The fog machine calmed down, the haze dissipated, the audience returned to the theatre, and we did the rest of the show, as if the "alarum bell" adventure had never happened.

To conclude this entry, I share one more letter of "accolades" from an audience member who was there the night of the fiasco:

Roger,

Thanks for a great evening of theater and bringing Shakespeare to life. I was riveted throughout the production. I have seen many shows these past several years at BYU-Idaho.

For me, this was one of the highlights. The production was engaging from every perspective—the staging, the effects, the acting. It was such fun to see everything come together and to enjoy the remarkable talents of your students.

And what would Macbeth be without a bit of bad luck. The fire alarm helped to carry on the tradition . . . innocuously!

Best, Kip Hartvigsen, English Dept. Faculty

Despite the mishaps and supposed "bad luck" attached to Macbeth, it's still one of the most rewarding theatrical experiences of my life. And I'm so glad to be a part of this cast.

PS: We filmed again another night. Sans fire alarums.

I eat, sleep, and bleed Macbeth


We're beginning our third and final week of the run. I'm completely drained and desperate for time/sleep, but hopelessly enamored of the cast and show. The ultimate conundrum.

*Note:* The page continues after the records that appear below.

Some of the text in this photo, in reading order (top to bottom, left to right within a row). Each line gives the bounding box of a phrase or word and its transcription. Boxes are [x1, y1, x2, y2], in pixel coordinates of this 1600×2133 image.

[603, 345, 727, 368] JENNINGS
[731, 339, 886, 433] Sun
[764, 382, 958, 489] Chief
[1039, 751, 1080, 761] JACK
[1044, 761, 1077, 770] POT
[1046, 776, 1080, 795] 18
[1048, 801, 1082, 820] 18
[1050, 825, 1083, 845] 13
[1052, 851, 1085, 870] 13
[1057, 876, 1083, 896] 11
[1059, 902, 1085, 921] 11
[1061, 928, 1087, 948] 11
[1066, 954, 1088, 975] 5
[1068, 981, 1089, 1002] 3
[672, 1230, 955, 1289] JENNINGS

To illustrate the greatness of this cast, I share here a recent e-mail thread that made me laugh. Mention of "fire alarums" is a reference to a rather eventful night last week, which will be blogged about in the very near future. In the meantime, here's to you, cast of Macbeth! I love you all. And this is why:

NANCY: Is anyone available from 10:30 to 12:00 on Monday to serve as a model for latex makeup. I have cookies ....

JACOB: I could do it and I don't care who knows it!

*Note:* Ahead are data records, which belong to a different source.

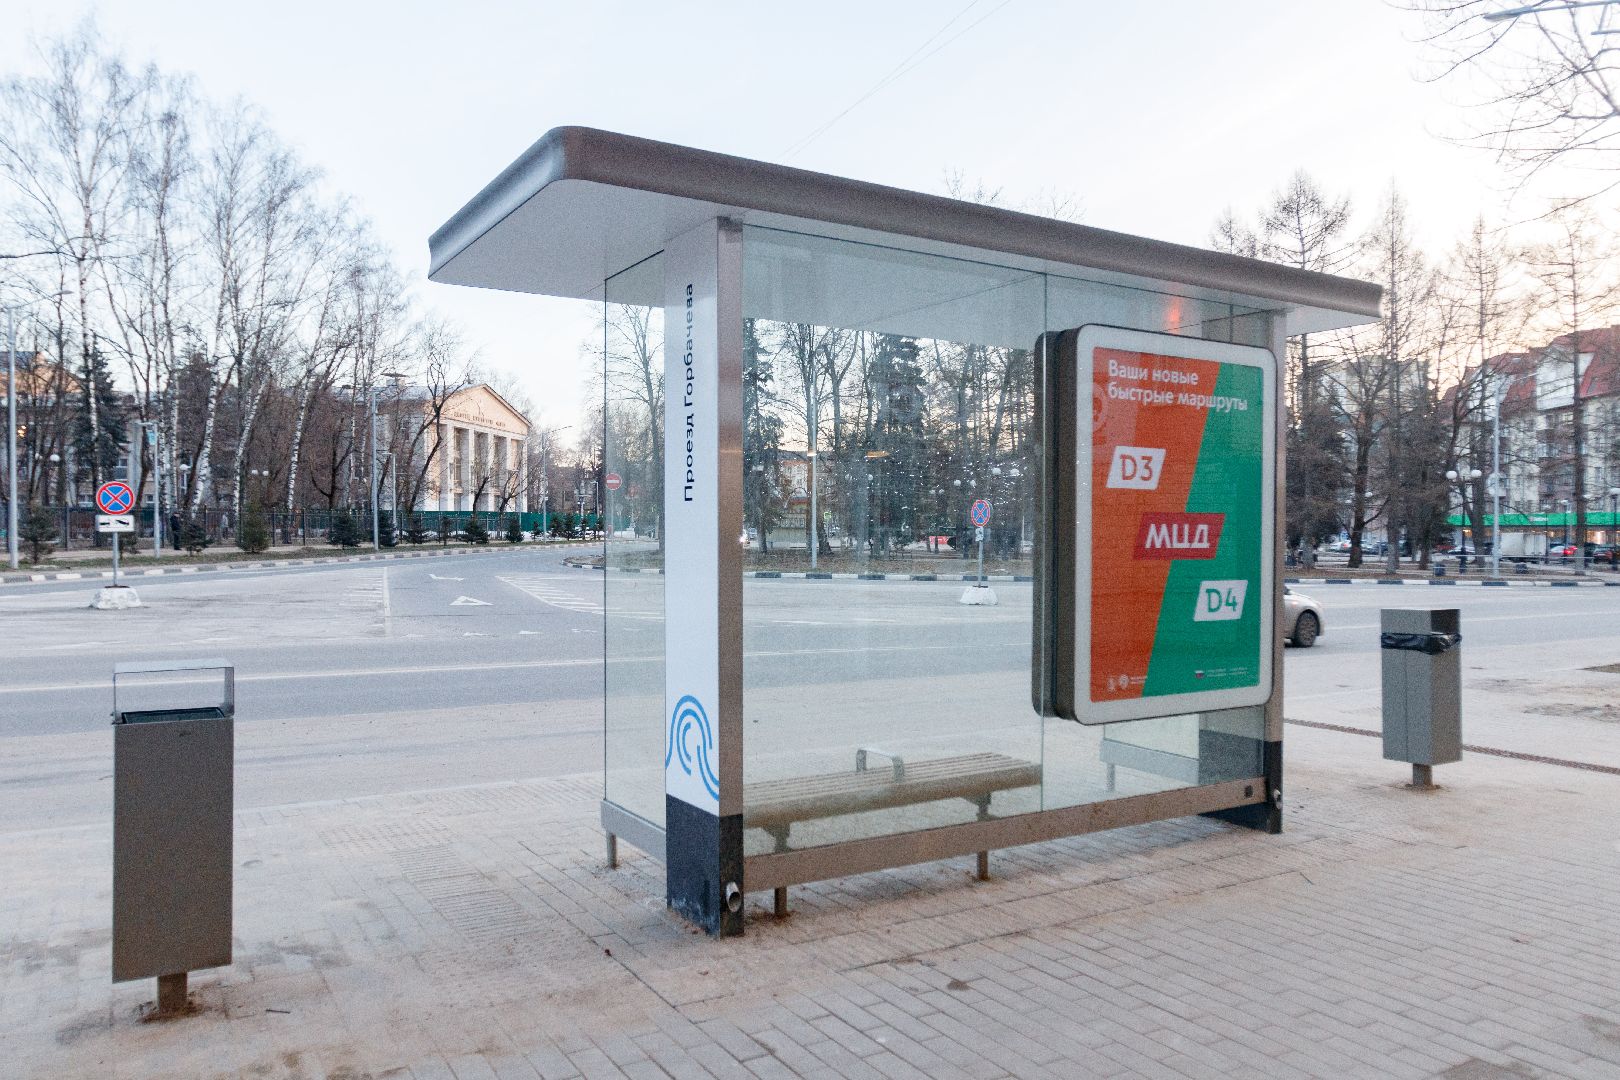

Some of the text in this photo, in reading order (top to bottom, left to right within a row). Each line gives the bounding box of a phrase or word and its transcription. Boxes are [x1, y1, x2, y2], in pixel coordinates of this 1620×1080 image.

[1108, 359, 1199, 386] Ваши новые
[683, 283, 695, 502] Проезд Горбачева
[1107, 381, 1248, 413] быстрые маршруты
[1120, 453, 1154, 482] D3
[1145, 523, 1210, 549] МЦД
[1205, 587, 1238, 613] D4

DAVEY: i dont think jacob should be aloud to do it!! stop him!!

ADAM: aloud?

JACOB: I can do it without talking.

LIZ: Wasn't this today? I don't know if this discussion is even relevant anymore...

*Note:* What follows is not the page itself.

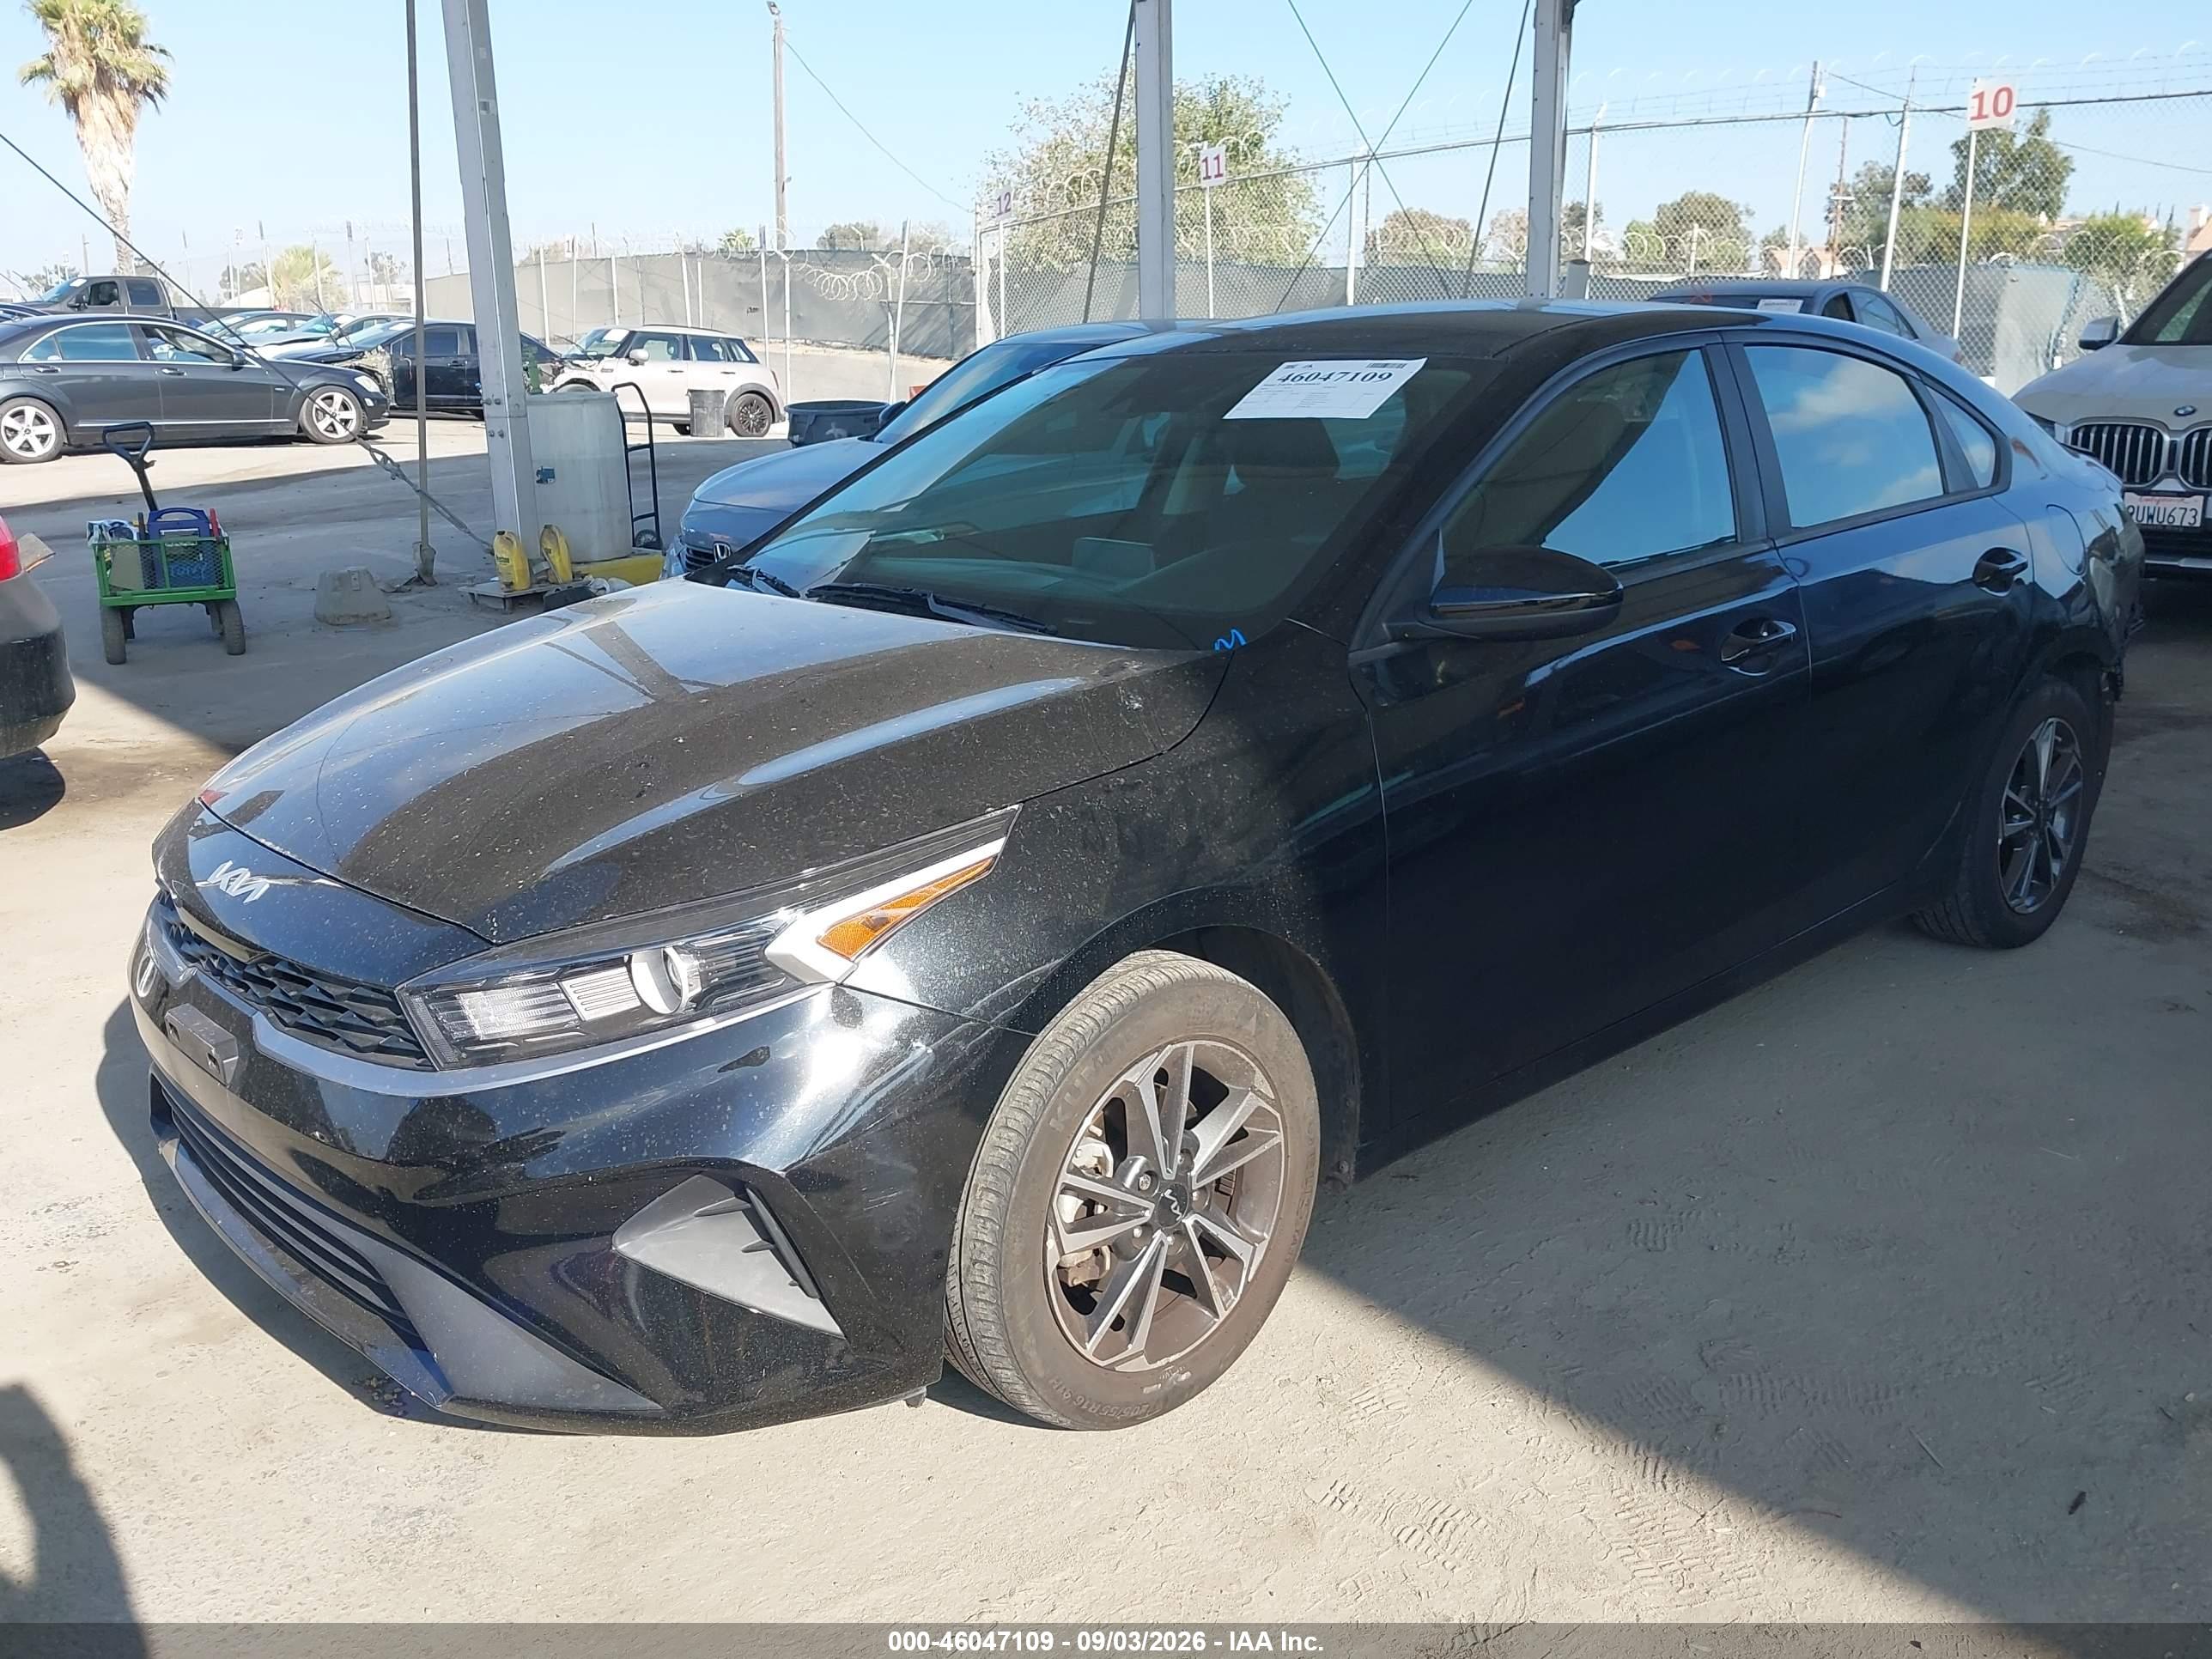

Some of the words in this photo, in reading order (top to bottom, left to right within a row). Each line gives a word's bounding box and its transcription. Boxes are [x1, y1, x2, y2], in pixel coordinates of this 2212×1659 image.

[1970, 86, 2014, 121] 10
[1201, 154, 1224, 180] 11
[996, 191, 1012, 216] 12
[1277, 370, 1395, 384] 46047109

JORDAN: For some reason the fact that it isn't relevant gives me more desire to perpetuate it.

JULIE: .....Great happiness!

GARY: I didn’t volunteer, I’m wrinkly enough already

BRANDON: And I didn't volunteer because I thought Bro Benson would

AMELIA: I didn't volunteer because I am 1800 miles away and it is 63 degrees. Yes, I am rubbing it in.

ADAM: Oh Rexburg Miserable! When shalt thou see thy summer days again!?

KIMBALL: In August.... ;)

AMELIA: heh heh heh. Actually, it was 63 today and tonight the low will be 29. It is still chilly here.

JACOB: What, Amelia? What are you saying? We can't hear you over the clash of swords. You'll have to come back to Idaho and say that again. And then stay.